Sorry don’t think what is necessary?

Tank membrane glued to the concrete block exterior?

When it’s back filled would water not penetrate the wall and trickle in?
 
Tanking externally not necessary. You will not make a water tight seal between the polythene and any tanking material used. So any moisture that may get in will track under the blocks and into floor area.
Do the waterproofing internally with one piece of good quality DPM.
The blocks may become damp but nothing can get in because the DPM membrane fixed internally will prevent it.
 
But wouldnt you be better to keep the blocks at the rear of the garage as dry as possible?

My garage is set in to the ground and no stone behind wall just concrete. The wall is soaking wet, and anything store in front of it also becomes wet, and then mouldy. I didnt install the garage, I just have to live with it unfortunately. So I would membran, or paint outside, then have only stone touching the external brick/block work.
 
Tanking externally not necessary. You will not make a water tight seal between the polythene and any tanking material used. So any moisture that may get in will track under the blocks and into floor area.
Do the waterproofing internally with one piece of good quality DPM.
The blocks may become damp but nothing can get in because the DPM membrane fixed internally will prevent it.
Thanks, when the DPM is fixed before the concrete floor goes down how do you fix it in position as it drapes up the sides WHEN the wall has already been built?
 
But wouldnt you be better to keep the blocks at the rear of the garage as dry as possible?

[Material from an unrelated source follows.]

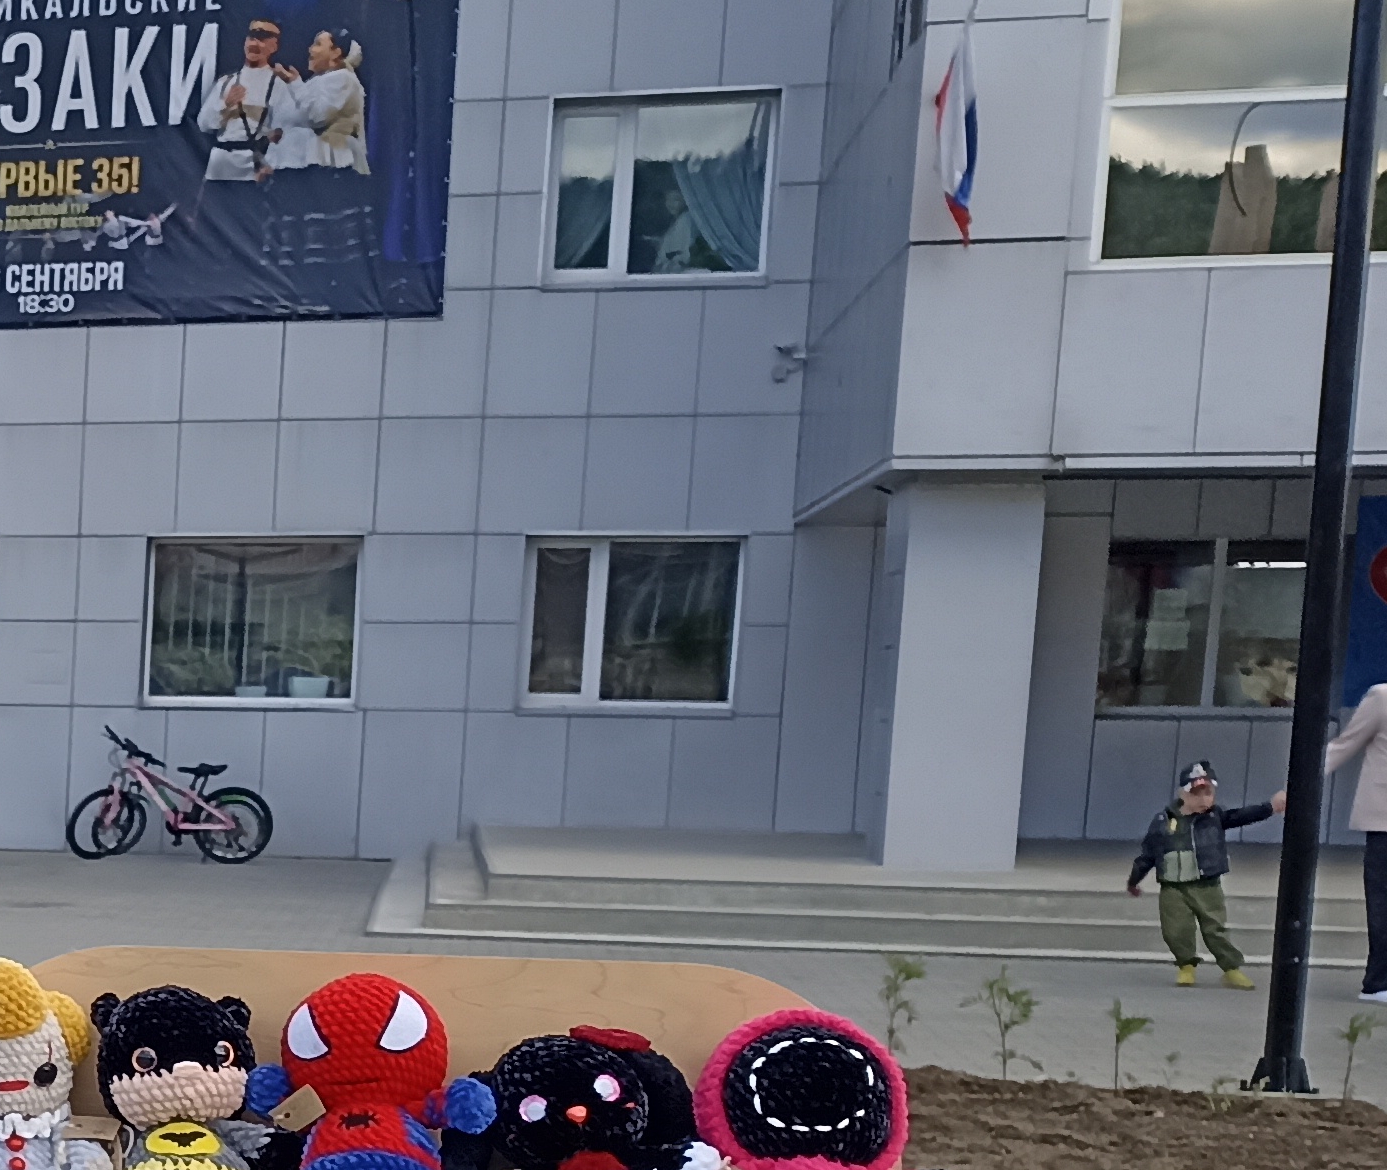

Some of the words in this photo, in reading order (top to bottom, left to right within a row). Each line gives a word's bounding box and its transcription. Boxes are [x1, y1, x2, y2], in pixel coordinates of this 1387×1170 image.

[91, 156, 140, 194] 35!
[5, 261, 125, 294] СЕНТЯБРЯ
[18, 293, 76, 314] 18:30

My garage is set in to the ground and no stone behind wall just concrete. The wall is soaking wet, and anything store in front of it also becomes wet, and then mouldy. I didnt install the garage, I just have to live with it unfortunately. So I would membran, or paint outside, then have only stone touching the external brick/block work.
I must say that was my thought too, try to stop any damp material touching the external concrete wall.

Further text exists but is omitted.